The Rector of GIJ, Professor Kwamena Kwansah-Aidoo, who revealed this at the school’s 18th Matriculation in Accra yesterday, stated that some well-qualified applicants were refused admission as a result of inadequate infrastructure and resources.
The matriculation ceremony saw the admission of some 2,103 students into the GIJ to pursue various programmes.
Prof. Kwansah-Aidoo explained that 1,835 of the matriculants were undergraduates who were pursuing programmes leading to either Diploma or Degree in Communication Studies.The remaining are postgraduate students.
Matriculants swearing the matriculation oath.
Moving forward, he said the university was working towards relocating a bulk of its operations to its new site at North Dzorwulu in Accra, in the effort to ease congestion at the existing campus at Ringway in Accra.
He added that the management of the school had adopted plans such as investing in new facilities which, he said, would improve the level of learning at the university.
“Plans are underway to invest in new facilities and technologies to expand the GIJ’s capacity and enhance the quality of academic experience for our growing student population,” he said.
In his address, Prof. Kwansah-Aidoo advised the students to be of good behaviour and protect the reputable image the GIJ had acquired over the years.
He charged them to live according to the core values of the school which, he said, included commitment to excellence and living a life of integrity and accountability as prospective journalists.
“I entreat you to study diligently, be prepared and motivated to undertake all tasks,and overcome any hurdles that might come your way throughout your stay in this university,” he urged the students.

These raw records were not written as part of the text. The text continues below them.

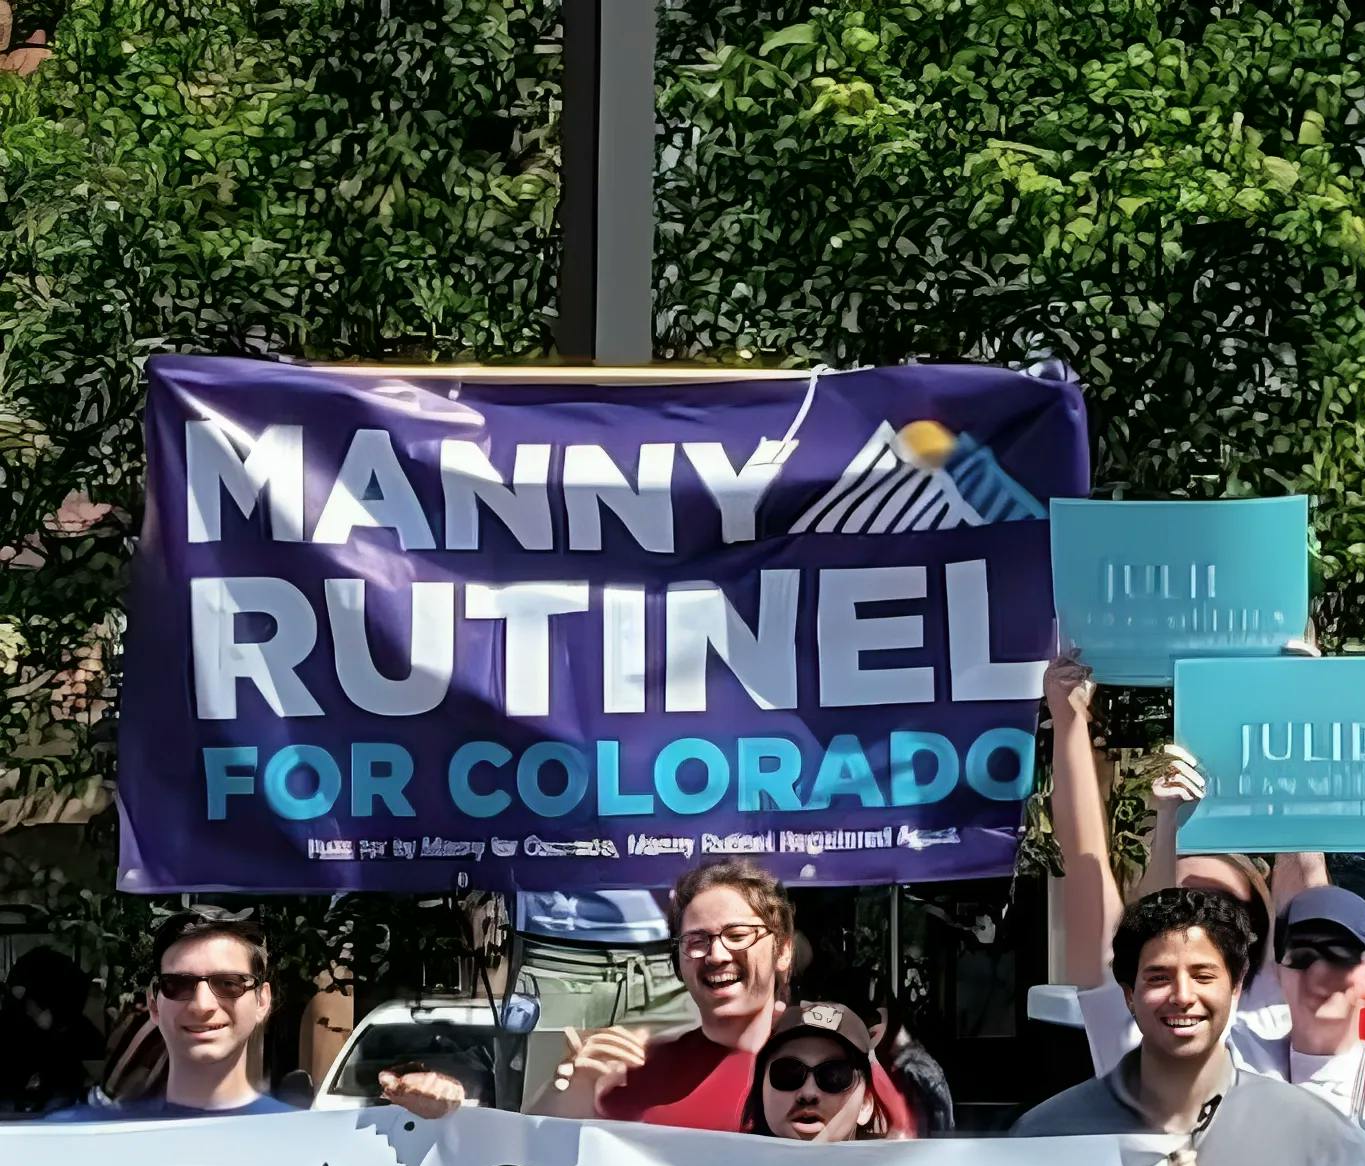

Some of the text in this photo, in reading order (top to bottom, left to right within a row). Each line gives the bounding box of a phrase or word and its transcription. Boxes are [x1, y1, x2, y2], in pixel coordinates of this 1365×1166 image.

[185, 417, 801, 554] MANNY
[188, 558, 1051, 722] RUTINEL
[203, 726, 1036, 821] FOR COLORADO
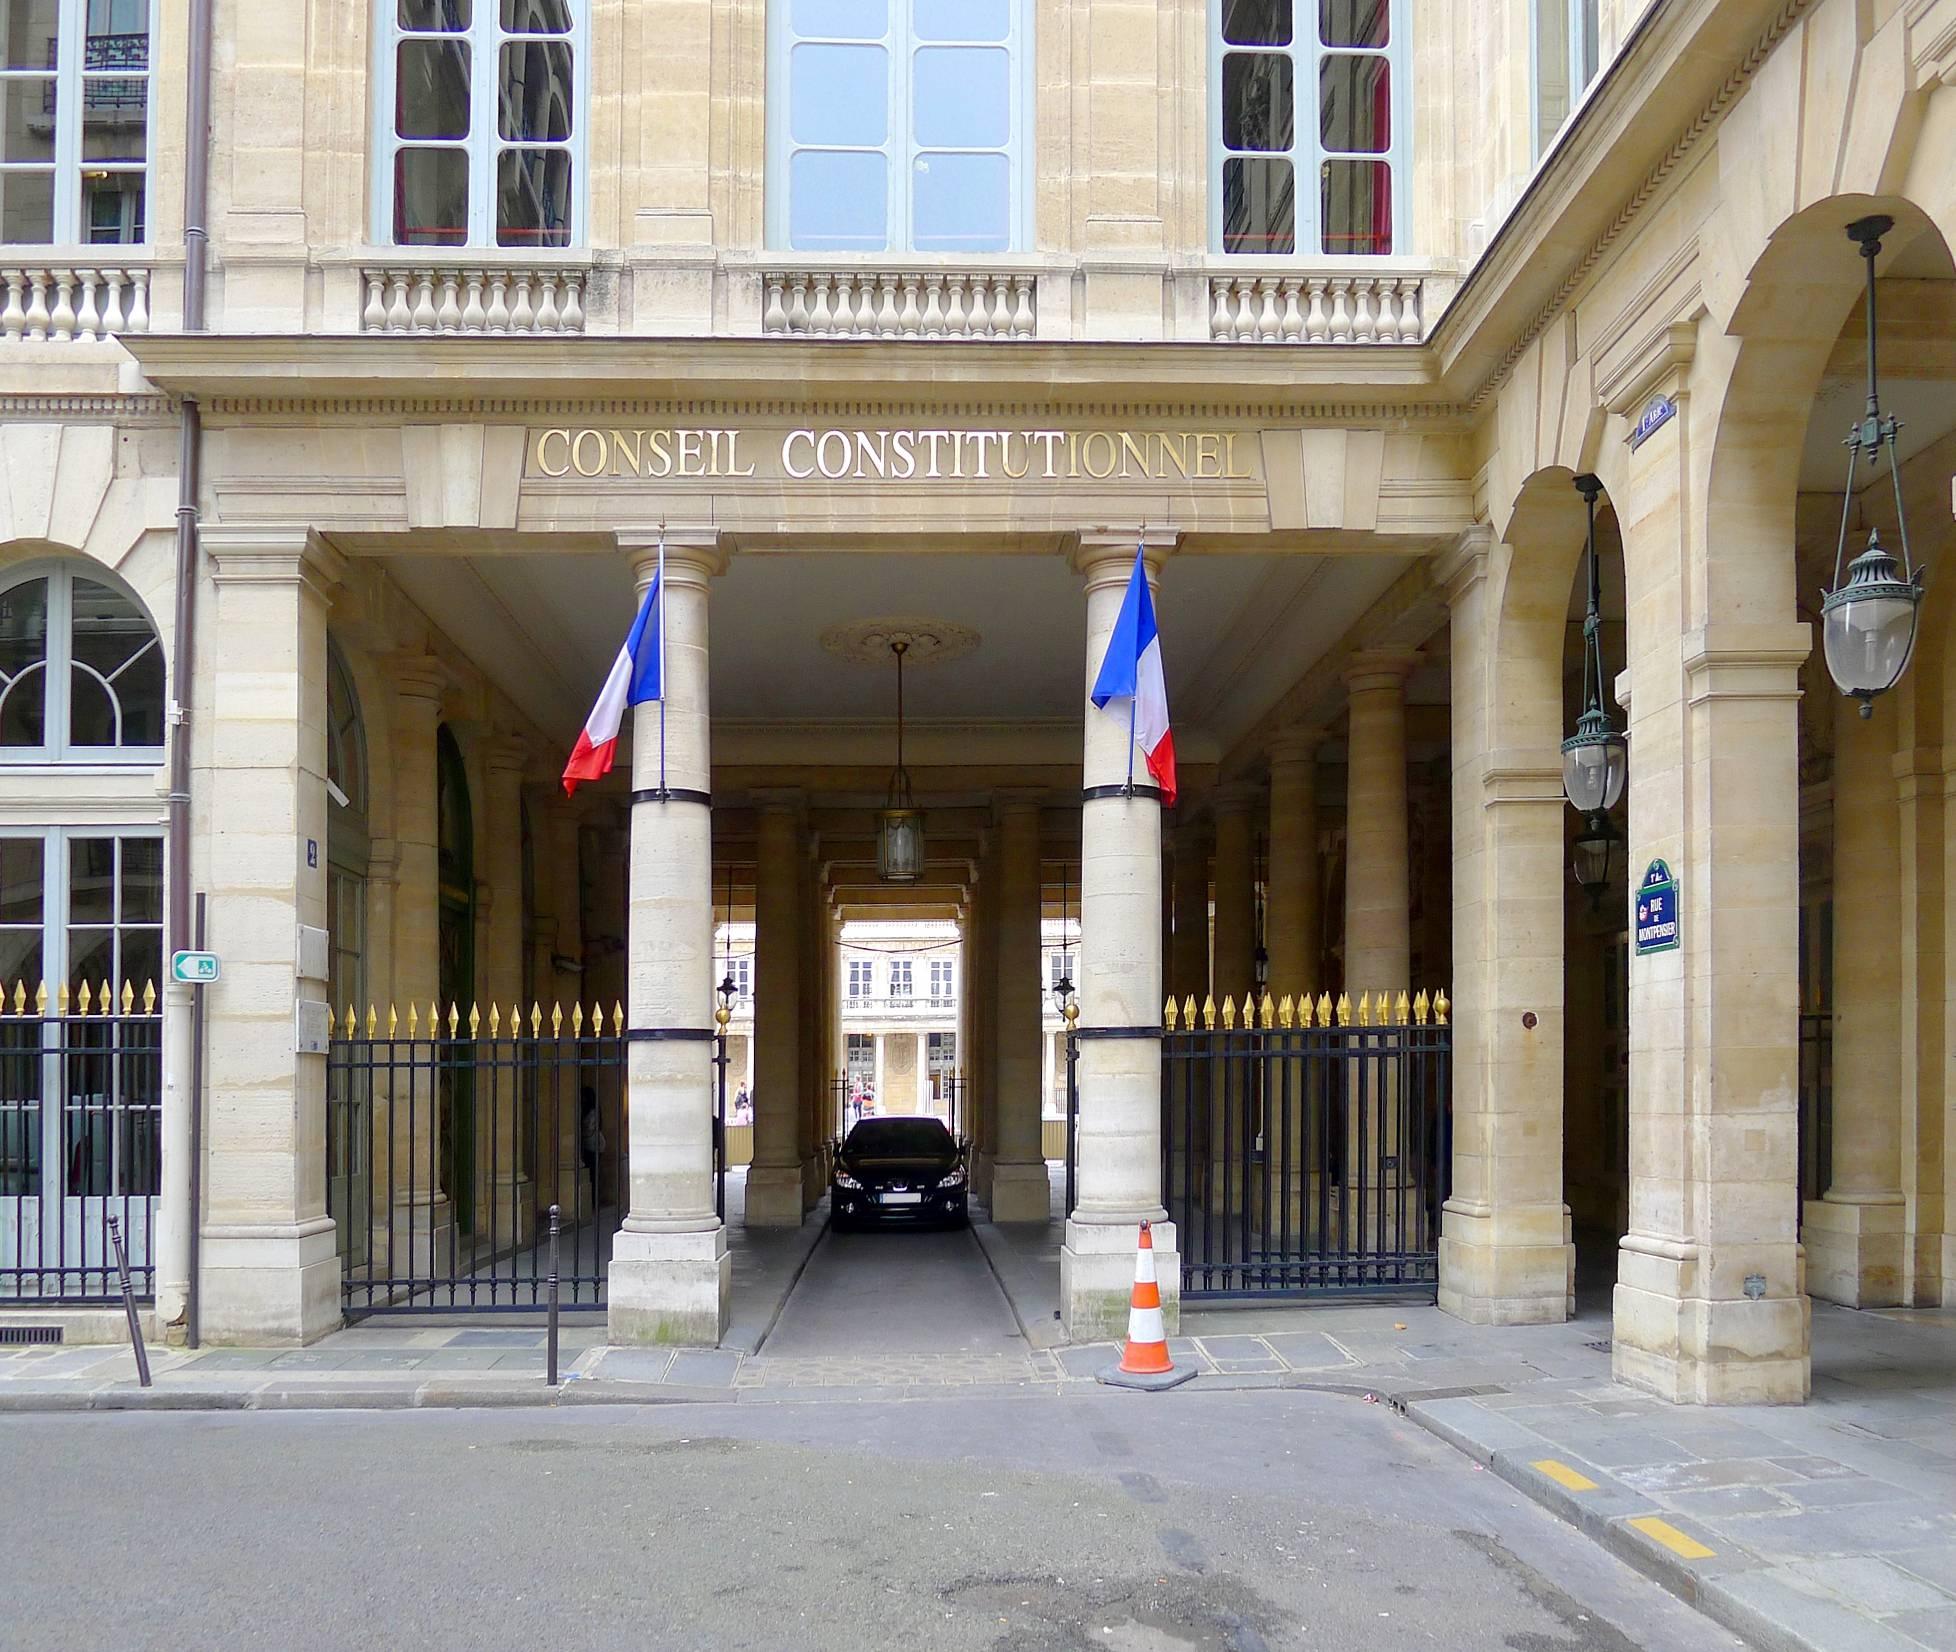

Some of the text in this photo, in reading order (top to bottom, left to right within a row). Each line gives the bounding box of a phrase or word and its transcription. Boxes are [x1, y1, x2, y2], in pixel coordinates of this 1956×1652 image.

[537, 428, 1255, 478] CONSEIL CONSTITUTIONNEL
[1650, 897, 1663, 913] RUE
[1653, 914, 1660, 922] DE
[1638, 921, 1676, 942] MONTPENSIER

He told the students that the school, for its part, was committed to equipping them with the needed skills that would make them “useful” on the job market.
“On our part, we will strive hard to link theory and practice in your training and continue to improve both the teaching and learning environment and the experience of learning and teaching,” Prof. Kwansah-Aidoo stressed.
In an interview, the President of the GIJ Students Representative Council (SRC), Mr Emmanuel Kumah, urged the students to report their challenges to the SRC for them to be forwarded to the management of the school for attention.
“At the moment, we know they will be challenged with issues of accommodation. That has been the challenge over the years. However, management has assured us of ongoing plans to get the issue addressed,” he said.
The Ghana Institute of Journalism was officially opened on October 16, 1959, by the then Minister of Information and Broadcasting, Mr Kofi Baako.
The school was established by the Kwame Nkrumah government to provide training in journalism towards the development of a patriotic cadre of journalists to play an active role in the emancipation of the African continent.
In 2006, the institute was elevated to a degree-awarding tertiary institution to award degrees to students who studied Communication Studies at the university.